В Гатчине Зотов был в десять. Гриша уже ждал его — на столе весело посвистывал чайник, лежала всякая снедь: колбаса, сыр, большой кусок студня.
— Здорово, старче, — обрадовался Гриша. — Выбрался из своих лесов, прикатил колёса. Давай раздевайся, чайку попьём, погутарим. Я и с начальством договорился прийти попозже.
При упоминании о начальстве у Николая Ильича на лице появилась кислая гримаса. Он скинул ватник, разул ноги, кивнул на рюкзак:
— Там в мешке грибы… Беленьких тебе приберёг.
— Ай да Коля, золото ты у меня, а не кореш, — радовался Гриша, доставая большую банку с грибами. — И костюмчик новенький прихватил! И корочки. Да мы тебя женим, Колюня, женим. Заживёшь ты у себя в лесу припеваючи. Такую маруху найдём!
Николай Ильич, улыбаясь, слушал болтовню друга.
— Ну что у тебя, Григорий, за бардак на столе, — сказал он, усаживаясь и оглядывая приготовленную Мокригиным закуску. — Что у тебя, тарелок нет? Всё на газете, на клеёнке! Словно междусобойчик в зоне.

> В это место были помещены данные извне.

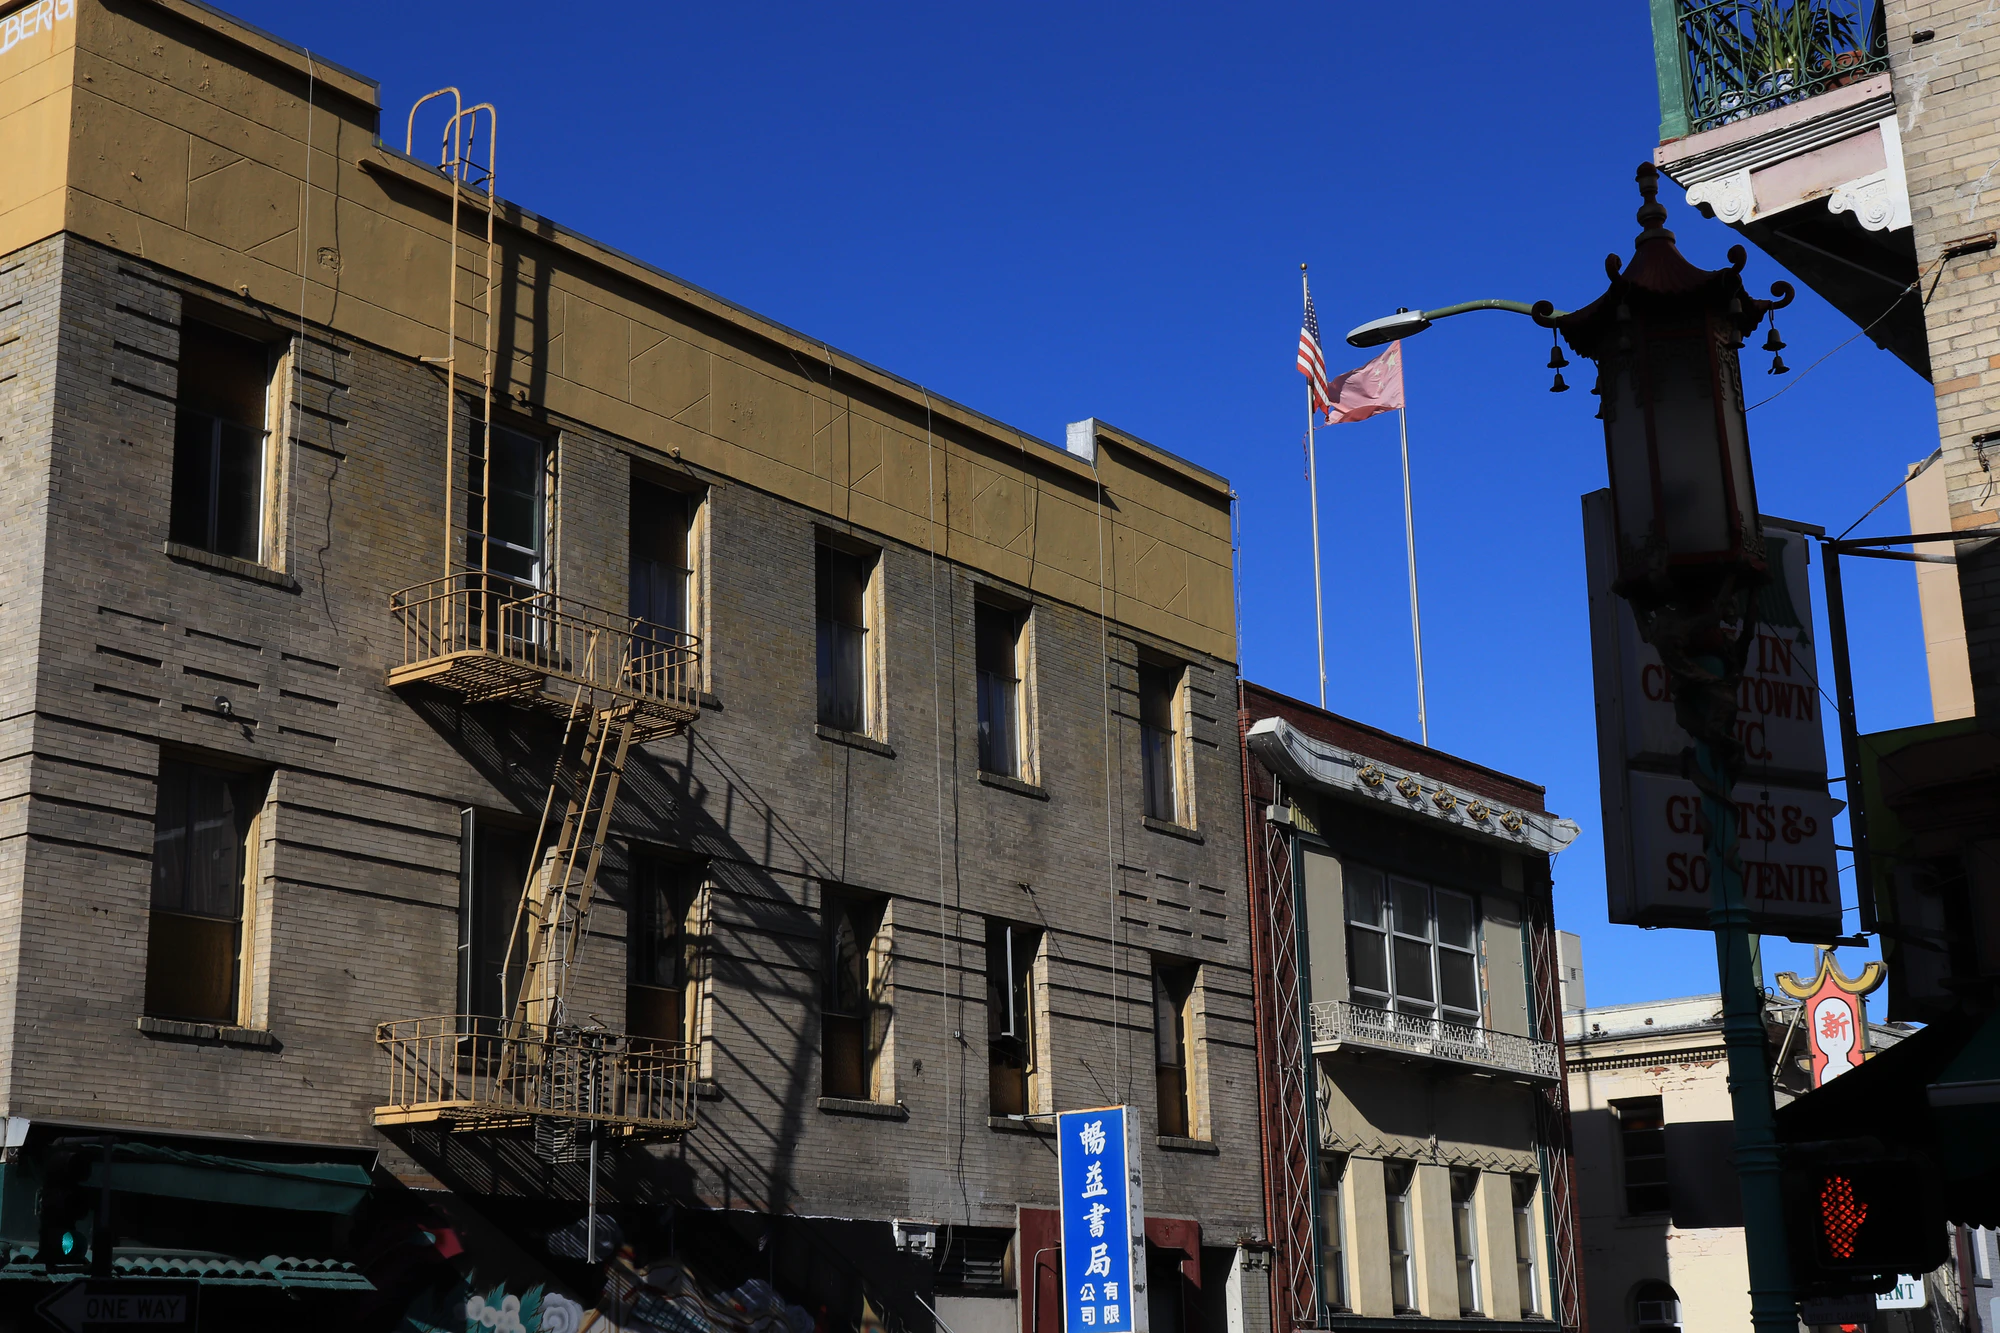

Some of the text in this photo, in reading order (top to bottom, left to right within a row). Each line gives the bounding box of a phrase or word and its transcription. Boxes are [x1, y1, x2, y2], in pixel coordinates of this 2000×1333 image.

— Приехал чистюля из мшинских лесов, — усмехнулся Мокригин. — Подавай ему серебряную посуду. — Смеясь и балагуря, он достал из серванта красивые тарелки, вынул из холодильника бутылку водки. — По рюмашечке хватим, Коля, для затравки. Артподготовочка перед генеральным наступлением.
— Мне ведь к директору идти, — сказал со вздохом Николай Ильич. — Чего ему, чёрту, от меня надо? Для доброго дела ведь не вызвал бы.
— Забежишь к нему, забежишь. По магазинчикам потом пройдёмся. Всюду поспеем, — ответил Гриша. — Ты у меня заночуешь. Заночуешь ведь, Коля? Никто там без тебя
Николай Ильич поднял стакан:
— Ну, Гриша, с днём рождения тебя. Дай бог тебе здоровья! Живи и здравствуй!
Гриша встал, подошёл к Зотову, чмокнул молча в лоб.
…Потом они пошли по городу. Николай Ильич чувствовал себя не очень уютно. Вид у него был нелепый — на костюм пришлось надеть ватник, пиджак торчал из-под него, и рукава всё время вылезали.
— Ты уж, Григорий, пройди по магазинам один. Купи мне, как всегда, отдельной колбасы батона три, селёдки. Чаю поищи индийского. Ну и сам знаешь, — сказал Зотов Грише. — А я заверну в парикмахерскую и в контору. Там встретимся.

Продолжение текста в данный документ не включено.